Comment se présente ce bâtiment ?

C’est un bâtiment d’une hauteur de dix-huit mètres, ce qui le rend remarquable dans le paysage plat du marais. Il comprend originellement un soubassement et un étage mais le bâtiment a été surélevé de deux niveaux supplémentaires, flanqués de deux tours. Un escalier à vis logé dans une tour carrée permet d’accéder aux étages dont le premier comme le rez-de-chaussée est voûté. Le second et le troisième étage sont pourvus de pièces inégales, avec des cheminées et des fenêtres à coussièges.

 

Crédit photo : Thierry Rocquet

Actuellement, quel est l’état de la commanderie ? quels sont les postes de rénovation les plus urgents ?

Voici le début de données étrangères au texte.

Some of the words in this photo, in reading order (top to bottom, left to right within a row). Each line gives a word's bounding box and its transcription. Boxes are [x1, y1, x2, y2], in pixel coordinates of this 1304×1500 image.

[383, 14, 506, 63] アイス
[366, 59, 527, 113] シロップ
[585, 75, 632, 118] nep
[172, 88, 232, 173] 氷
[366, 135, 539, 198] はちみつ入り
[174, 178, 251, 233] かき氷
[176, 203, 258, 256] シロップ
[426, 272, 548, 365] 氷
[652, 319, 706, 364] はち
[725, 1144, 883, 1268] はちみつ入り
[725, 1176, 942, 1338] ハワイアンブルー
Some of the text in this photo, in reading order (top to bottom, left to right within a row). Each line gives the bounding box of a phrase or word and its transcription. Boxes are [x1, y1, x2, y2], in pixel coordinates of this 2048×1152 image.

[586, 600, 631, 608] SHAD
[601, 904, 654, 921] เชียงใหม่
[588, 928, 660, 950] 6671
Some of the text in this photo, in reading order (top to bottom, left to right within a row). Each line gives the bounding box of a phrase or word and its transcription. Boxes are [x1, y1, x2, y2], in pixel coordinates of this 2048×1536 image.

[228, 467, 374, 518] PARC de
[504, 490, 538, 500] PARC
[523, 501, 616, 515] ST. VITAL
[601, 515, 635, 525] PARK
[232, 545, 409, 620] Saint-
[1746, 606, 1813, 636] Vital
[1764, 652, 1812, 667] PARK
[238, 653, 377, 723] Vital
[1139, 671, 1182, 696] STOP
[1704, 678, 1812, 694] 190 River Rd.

Actuellement, l’état général de la charpente est catastrophique, avec un risque réel d’effondrement, et une détérioration possible du reste du bâtiment. Il faudrait remplacer intégralement 300 m² de toiture, qui est déjà effondrée par endroits. Mais, de par son ampleur et sa dimension patrimoniale, cette rénovation représente un chantier hors-normes, sur lequel on ne peut pas faire n’importe quoi, n’importe comment. Il y a une volonté de l’Architecte des Bâtiments de France d’inscrire la commanderie au titre des Monuments historiques mais c’est une procédure relativement longue, qui demande des expertises, des dossiers, des commissions… avant de pouvoir prétendre à des aides. Notre crainte est que la toiture et la charpente ne supportent pas une attente trop longue. Il y a urgence à agir.

 

Justement, la commanderie a été retenue pour la «Mission Patrimoine » de Stéphane Bern. Qu’est-ce que ça peut changer pour vous ?

C’est une très bonne nouvelle pour nous. Concrètement, les gains espérés de ce « loto du patrimoine » pourraient nous permettre d’entreprendre rapidement les travaux de restauration de la charpente et de la toiture. Mais au-delà de cette conséquence immédiate, l’intérêt de la Mission Patrimoine place aussi la commanderie sous les feux des projecteurs et ravive l’intérêt des acteurs locaux pour ce bâtiment. Nous avons vu une certaine fierté des habitants à ce que l’on parle de Saint-Pompain, via la commanderie. C’est un cercle vertueux : les gens manifestent de l’intérêt pour découvrir ou visiter le bâtiment et nous pouvons alors les informer des travaux à entreprendre. Le bâtiment est trop dangereux actuellement pour envisager ces visites, mais le « buzz » créé par le loto du patrimoine permet de relayer nos propres initiatives en faveur de la commanderie, comme la cagnotte participative que nous avons créée sur Leetchi. Le loto permet de toucher bien plus de monde que nous ne le pourrions seuls.

 

Si, comme on l’espère, la loterie permet la rénovation du bâtiment, la commanderie a-t-elle vocation à s’ouvrir au public ?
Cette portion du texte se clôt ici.